Abstract

Background

   Polygonum minus is an herbal plant in the Polygonaceae family which is
   rich in ethnomedicinal plants. The chemical composition and
   characteristic pungent fragrance of Polygonum minus have been
   extensively studied due to its culinary and medicinal properties. There
   are only a few transcriptome sequences available for species from this
   important family of medicinal plants. The limited genetic information
   from the public expressed sequences tag (EST) library hinders further
   study on molecular mechanisms underlying secondary metabolite
   production.

Methods

   In this study, we performed a hybrid assembly of 454 and Illumina
   sequencing reads from Polygonum minus root and leaf tissues,
   respectively, to generate a combined transcriptome library as a
   reference.

Results

   A total of 34.37 million filtered and normalized reads were assembled
   into 188,735 transcripts with a total length of 136.67 Mbp. We
   performed a similarity search against all the publicly available genome
   sequences and found similarity matches for 163,200 (86.5%) of Polygonum
   minus transcripts, largely from Arabidopsis thaliana (58.9%).
   Transcript abundance in the leaf and root tissues were estimated and
   validated through RT-qPCR of seven selected transcripts involved in the
   biosynthesis of phenylpropanoids and flavonoids. All the transcripts
   were annotated against KEGG pathways to profile transcripts related to
   the biosynthesis of secondary metabolites.

Discussion

   This comprehensive transcriptome profile will serve as a useful
   sequence resource for molecular genetics and evolutionary research on
   secondary metabolite biosynthesis in Polygonaceae family. Transcriptome
   assembly of Polygonum minus can be accessed at
   [38]http://prims.researchfrontier.org/index.php/dataset/transcriptome.

   Keywords: De novo assembly, Hybrid assembly, Illumina sequencing,
   RNA-seq, Persicaria minor, 454 sequencing

Introduction

   Secondary metabolites are organic compounds that are non-vital but
   indirectly influence plant survival, development and growth.

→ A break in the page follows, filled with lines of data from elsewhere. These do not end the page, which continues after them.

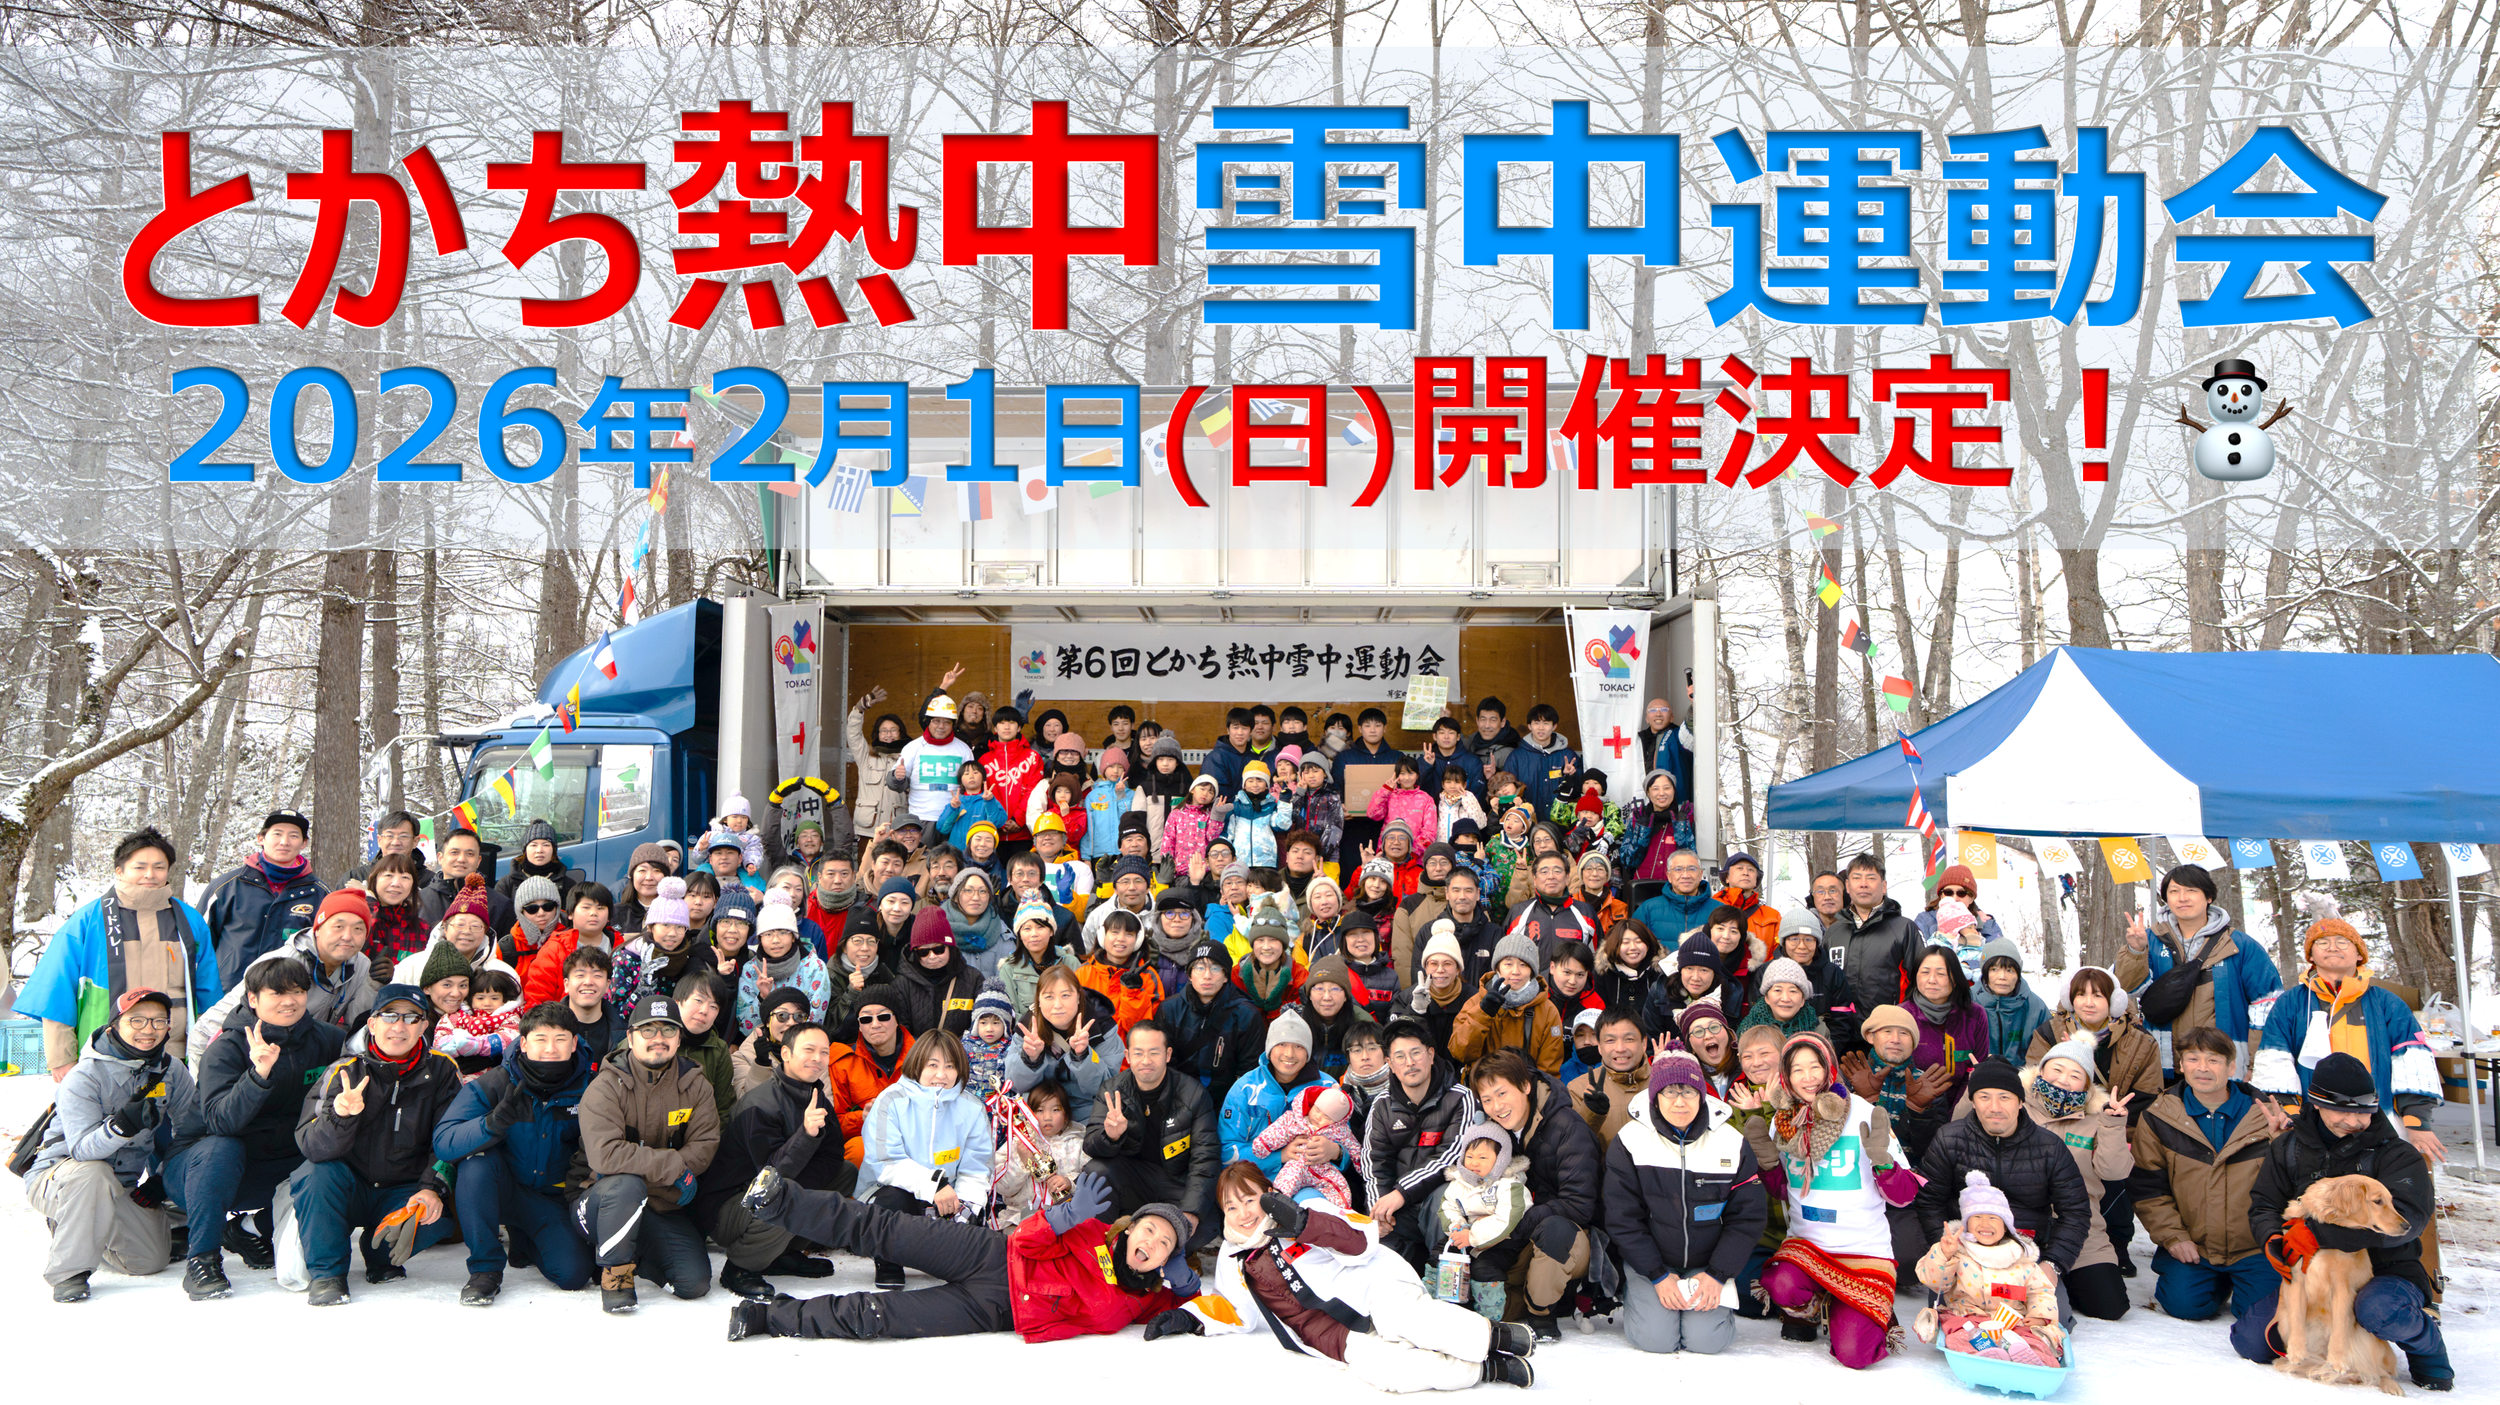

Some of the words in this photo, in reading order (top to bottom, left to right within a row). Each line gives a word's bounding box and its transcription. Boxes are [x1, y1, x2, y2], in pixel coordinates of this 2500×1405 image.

[1056, 642, 1446, 683] 第6回とかち熱中雪中運動会
[1599, 683, 1636, 692] TOKACH
[103, 897, 121, 956] フードバレー
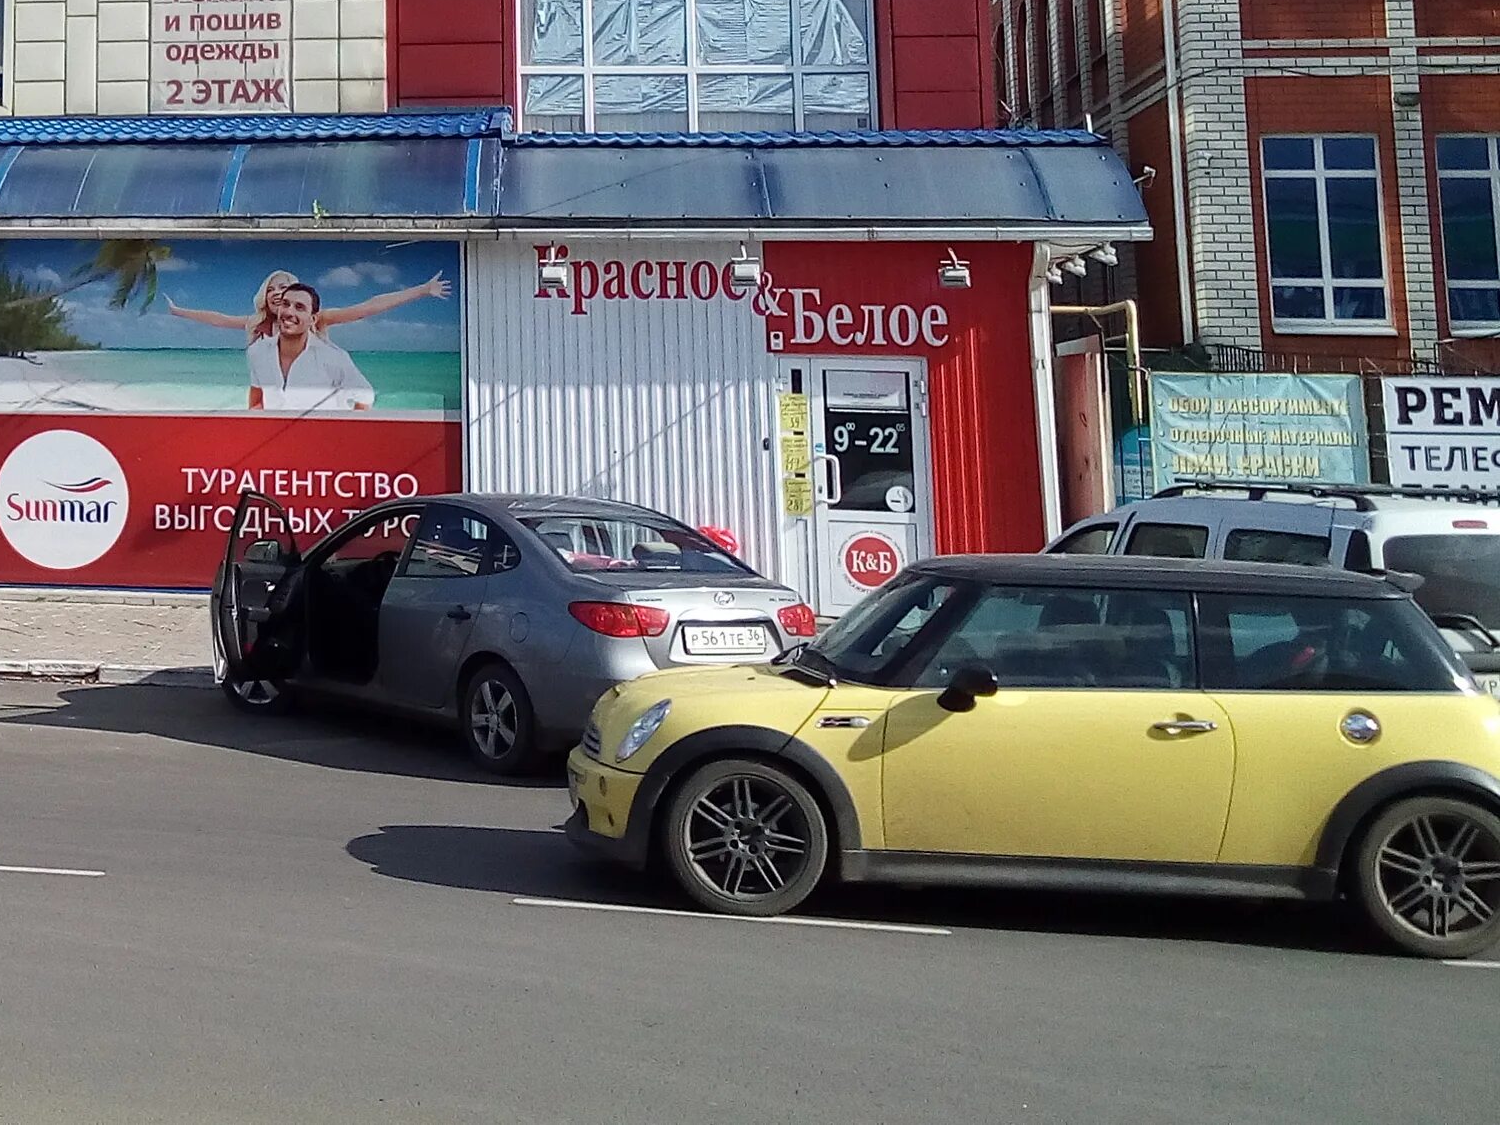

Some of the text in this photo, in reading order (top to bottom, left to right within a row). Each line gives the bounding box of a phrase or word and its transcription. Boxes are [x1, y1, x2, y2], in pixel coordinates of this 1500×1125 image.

[164, 12, 282, 32] и пошив
[165, 42, 280, 65] одежды
[166, 78, 286, 105] 2 ЭТАЖ
[752, 271, 789, 317] &
[788, 287, 950, 347] Белое
[181, 467, 419, 499] ТУРАГЕНТСТВО
[6, 492, 118, 524] Sunmar
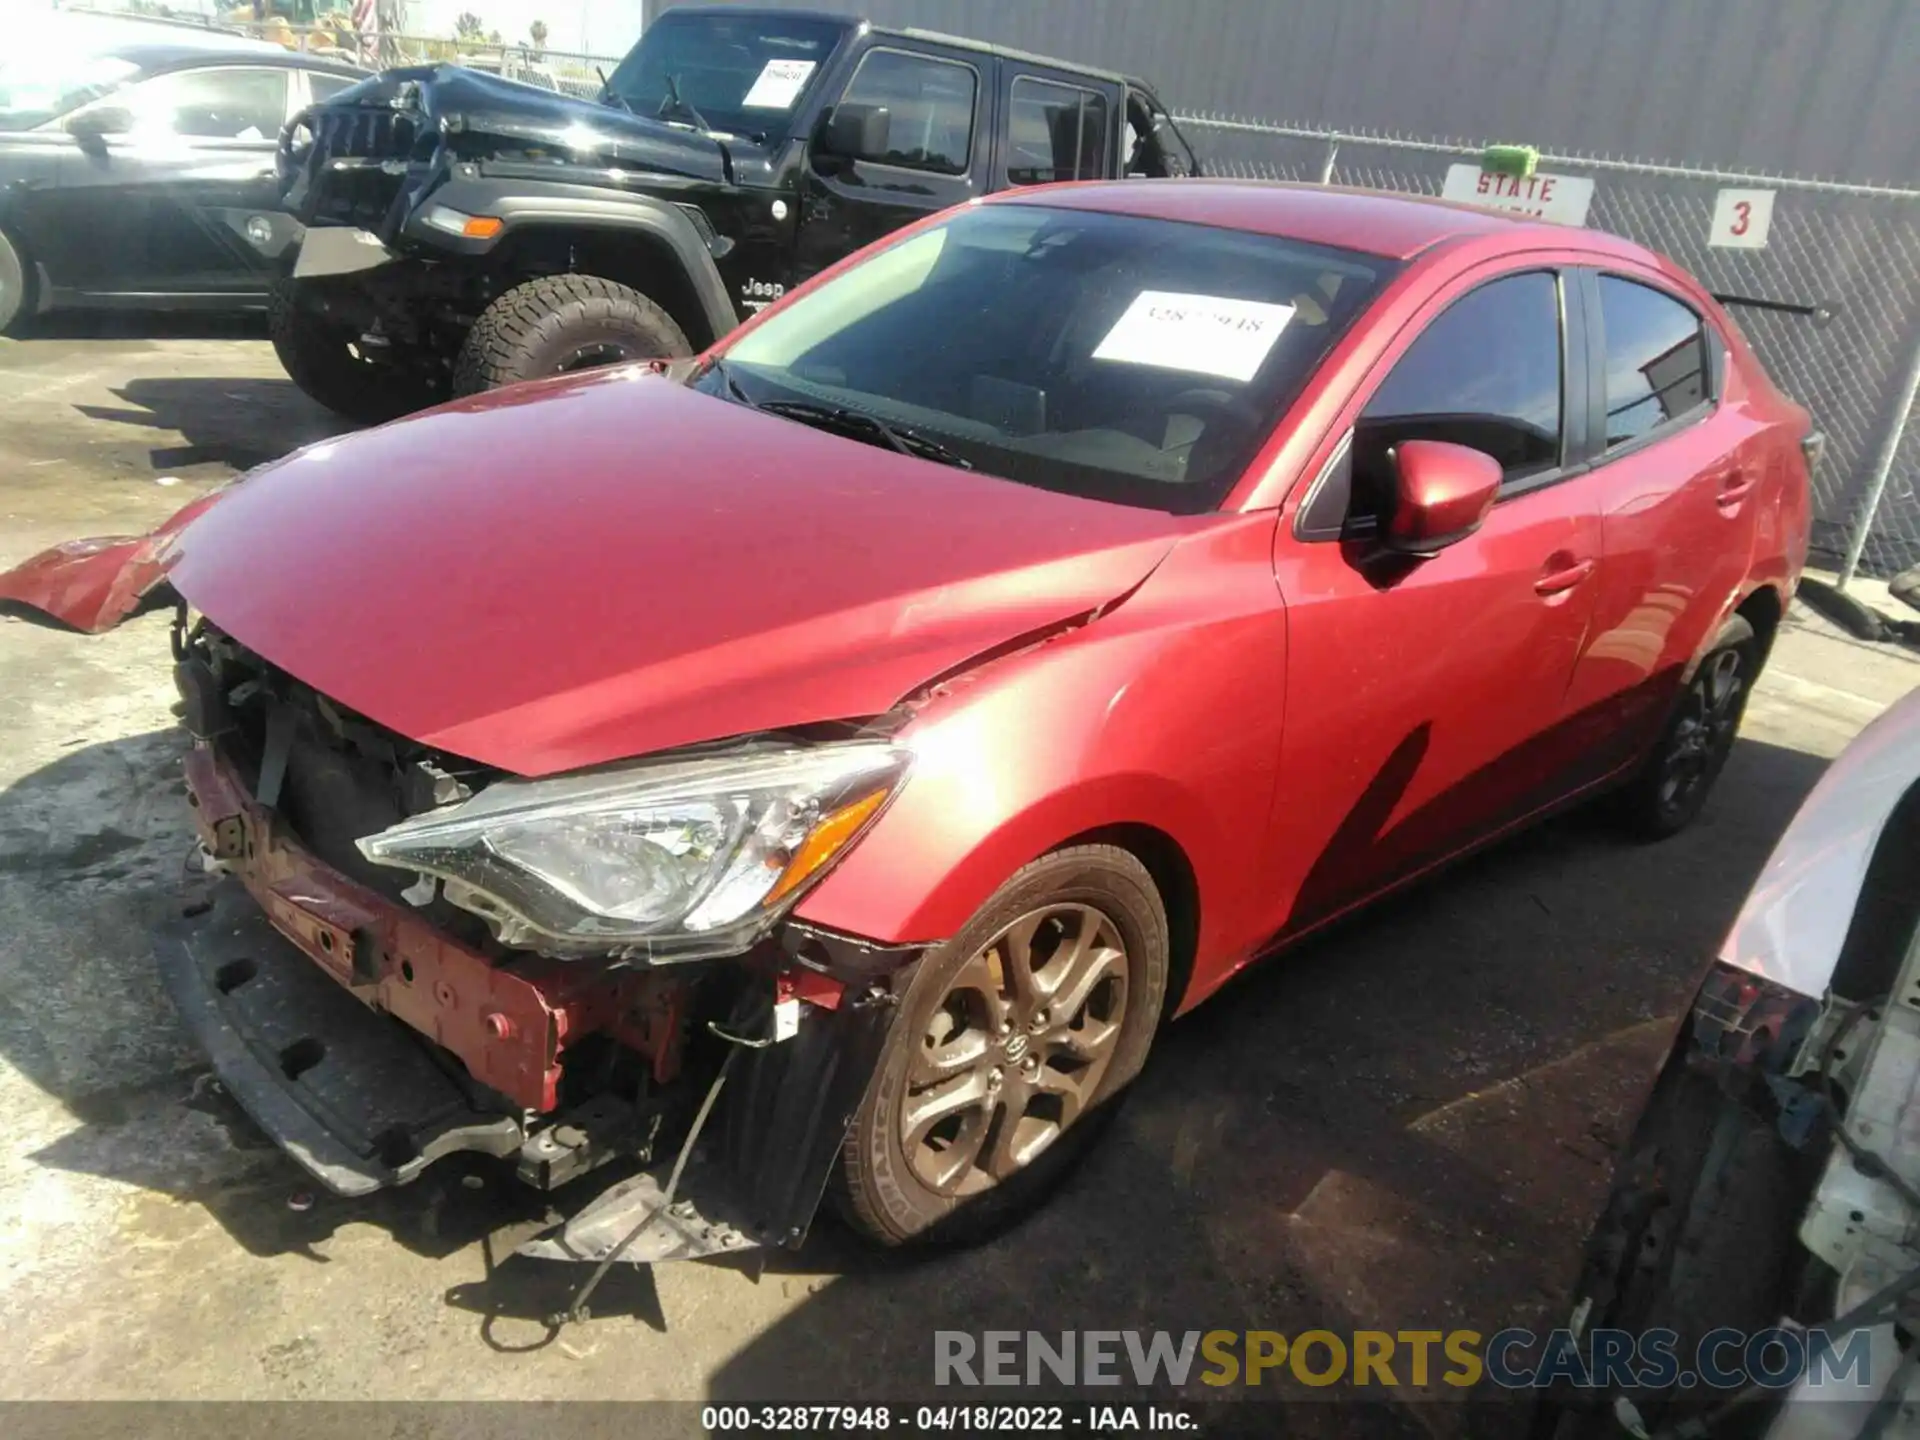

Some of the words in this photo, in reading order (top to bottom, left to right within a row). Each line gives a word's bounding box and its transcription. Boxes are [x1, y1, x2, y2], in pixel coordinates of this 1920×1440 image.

[1476, 171, 1558, 203] STATE
[1730, 200, 1752, 236] 3
[741, 277, 785, 300] Jeep

Three
   major groups of plant secondary metabolites identified by chemical
   groups are flavonoids and phenolic compounds, terpenoids, and
   nitrogen/sulfur-containing compounds. Plant secondary metabolites are
   important natural sources for the development of medicines and natural
   products. The myriads of plant secondary metabolites reflect the
   diverse species of plants and their ecological roles, such as
   adaptation to different environments and defense against biotic
   stresses ([39]Moore et al., 2014). Polygonum is a genus in the
   Polygonaceae family with up to 300 species, many of which are important
   as traditional medicinal plants ([40]Narasimhulu, Reddy & Mohamed,
   2014).

   Polygonum minus Huds. (syn. Persicaria minor) is a culinary flavoring
   ingredient common in South East Asia and is also used as a remedy for
   different maladies ranging from indigestion to poor eyesight
   ([41]Christapher et al., 2015; [42]George et al., 2014). The leaves of
   Polygonum minus contain high levels of essential oils (72.54%), mainly
   comprised of aliphatic aldehydes, namely dodecanal (48.18%) and decanal
   (24.36%) ([43]Yaacob, 1990). Less abundant aldehydes include 1-decanol,
   1-dodecanol, undecanal, tetradecanal, 1-undecanol, nonanal, and
   1-nonanol ([44]Baharum et al., 2010). Furthermore, the metabolite
   profiling of Polygonum minus leaf revealed many terpenoids and
   flavonoids with antioxidant activities ([45]Baharum et al., 2010;
   [46]Goh et al., 2016). The abundance of secondary metabolites in
   Polygonum minus has led to the establishment of hairy root system for
   the production of plant secondary metabolites ([47]Ashraf et al.,
   2014). β-caryophyllene was found to be the main sesquiterpenes secreted
   into the hairy root culture media. These studies showed the potential
   of developing Polygonum minus as a resource to produce natural
   products.

   While many secondary metabolites have been identified in Polygonum
   minus, its biosynthetic pathways remain unclear due to the limited
   genomic information that is available for the plant. Previously, a
   total of 3,352 expressed sequence tags (ESTs) were generated from
   standard cDNA libraries of Polygonum minus leaf, root and stem tissues
   ([48]Roslan et al., 2012). This study indicated the abundance of
   flavonoid biosynthesis-related genes in the root tissue. The emergence
   of next generation sequencing has made transcriptomic analysis of plant
   possible with increasing speed and affordability. RNA-sequencing
   (RNA-seq) allows novel gene discovery and identification of transcripts
   of interest in various biological processes. This is especially
   suitable for many non-model organisms with limited genomic information
   ([49]Varshney et al., 2009; [50]Ward, Ponnala & Weber, 2012). In the
   past few years, this platform has been repeatedly utilized to discover
   and identify genes involved in the biosynthesis of secondary
   metabolites. For examples, alkaloid biosynthesis in Uncaria
   rhynchophylla ([51]Guo et al., 2014), ginsenoside biosynthesis in Panax
   ginseng ([52]Jayakodi et al., 2015), glucosinolate biosynthesis in
   Raphanus sativus ([53]Wang et al., 2013), biosynthesis of capsaicinoids
   in Capsicum frutescens ([54]Liu et al., 2013), biosynthesis of
   flavonoids in safflower ([55]Li et al., 2012), and caffeine
   biosynthesis in Camellia sinensis ([56]Shi et al., 2011). To date,
   there are only two plants from the Polygonum genus with RNA-seq data
   deposited to the public SRA database, namely Polygonum cuspidatum
   ([57]Hao et al., 2012) and Polygonum tinctorium ([58]Minami, Sarangi &
   Thul, 2015). The limited genetic information from this important family
   of medicinal plants hinders further study on molecular mechanisms
   underlying the production of bioactive compounds.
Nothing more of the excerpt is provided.